#### Try it
The records below are to be output exactly, except for their pictures.
╭─ Record extracts
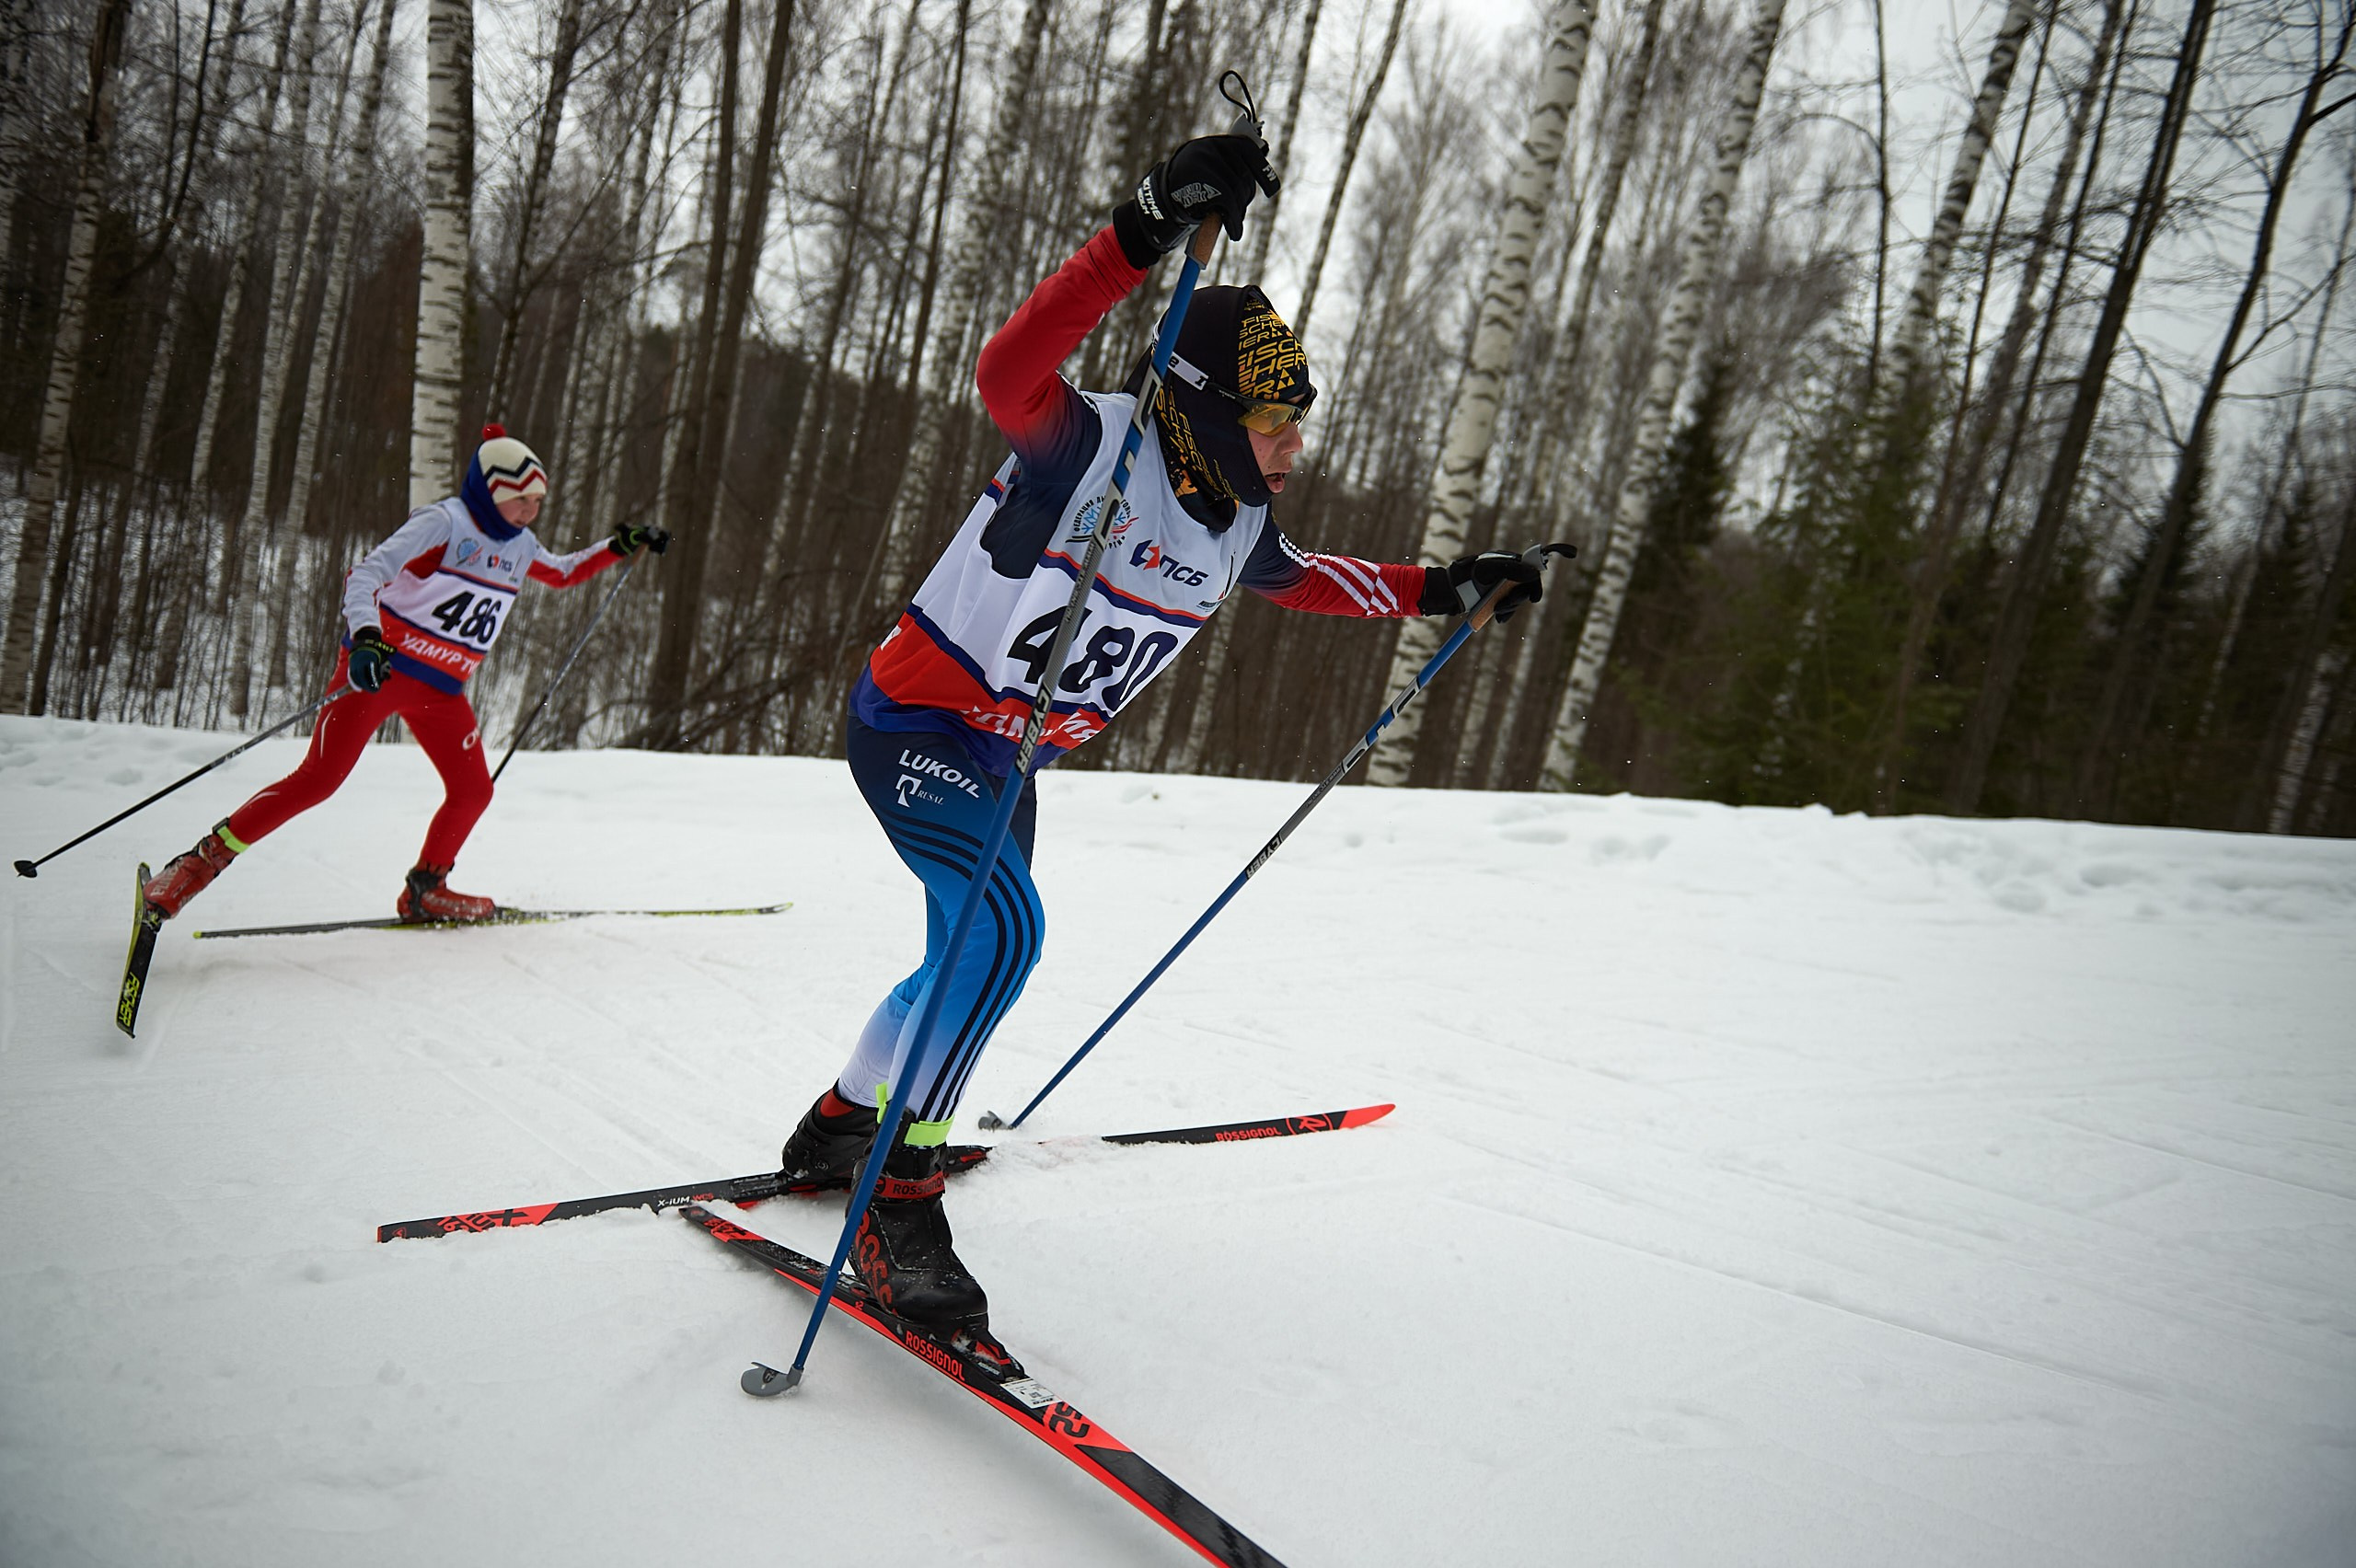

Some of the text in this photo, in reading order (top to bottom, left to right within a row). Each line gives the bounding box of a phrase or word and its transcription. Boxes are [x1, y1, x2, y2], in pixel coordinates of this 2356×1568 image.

[1160, 554, 1209, 587] ПСБ
[432, 590, 502, 644] 486
[1007, 605, 1179, 716] 480
[1015, 688, 1049, 774] CYBER
[898, 748, 981, 799] LUKOIL
[918, 789, 944, 805] RUSAL
[1246, 836, 1281, 879] CYBER
[119, 972, 140, 1028] FISCHER
[1215, 1125, 1282, 1142] ROSSIGNOL
[893, 1173, 946, 1195] ROSSIGNO
[906, 1330, 965, 1381] ROSSIGNOL
╰─
#### Task response
Some of the text in this photo, in reading order (top to bottom, left to right within a row). Each line gives the bounding box of a phrase or word and its transcription. Boxes are [x1, y1, x2, y2], in pixel coordinates of this 2356×1568 image.

[1160, 554, 1209, 587] ПСБ
[432, 590, 502, 644] 486
[1007, 605, 1179, 716] 480
[1015, 688, 1049, 774] CYBER
[898, 748, 981, 799] LUKOIL
[918, 789, 944, 805] RUSAL
[1246, 836, 1281, 879] CYBER
[119, 972, 140, 1028] FISCHER
[1215, 1125, 1282, 1142] ROSSIGNOL
[893, 1173, 946, 1195] ROSSIGNO
[906, 1330, 965, 1381] ROSSIGNOL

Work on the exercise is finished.